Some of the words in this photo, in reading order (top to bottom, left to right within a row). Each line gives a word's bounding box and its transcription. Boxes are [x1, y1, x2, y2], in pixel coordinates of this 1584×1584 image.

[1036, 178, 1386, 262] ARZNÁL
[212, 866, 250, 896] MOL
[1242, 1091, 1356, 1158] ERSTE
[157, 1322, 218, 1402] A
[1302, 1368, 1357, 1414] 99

What needs to be done
Repeat the material above exactly, including every line.

Solution to the problem
Some of the words in this photo, in reading order (top to bottom, left to right within a row). Each line gives a word's bounding box and its transcription. Boxes are [x1, y1, x2, y2], in pixel coordinates of this 1584×1584 image.

[1036, 178, 1386, 262] ARZNÁL
[212, 866, 250, 896] MOL
[1242, 1091, 1356, 1158] ERSTE
[157, 1322, 218, 1402] A
[1302, 1368, 1357, 1414] 99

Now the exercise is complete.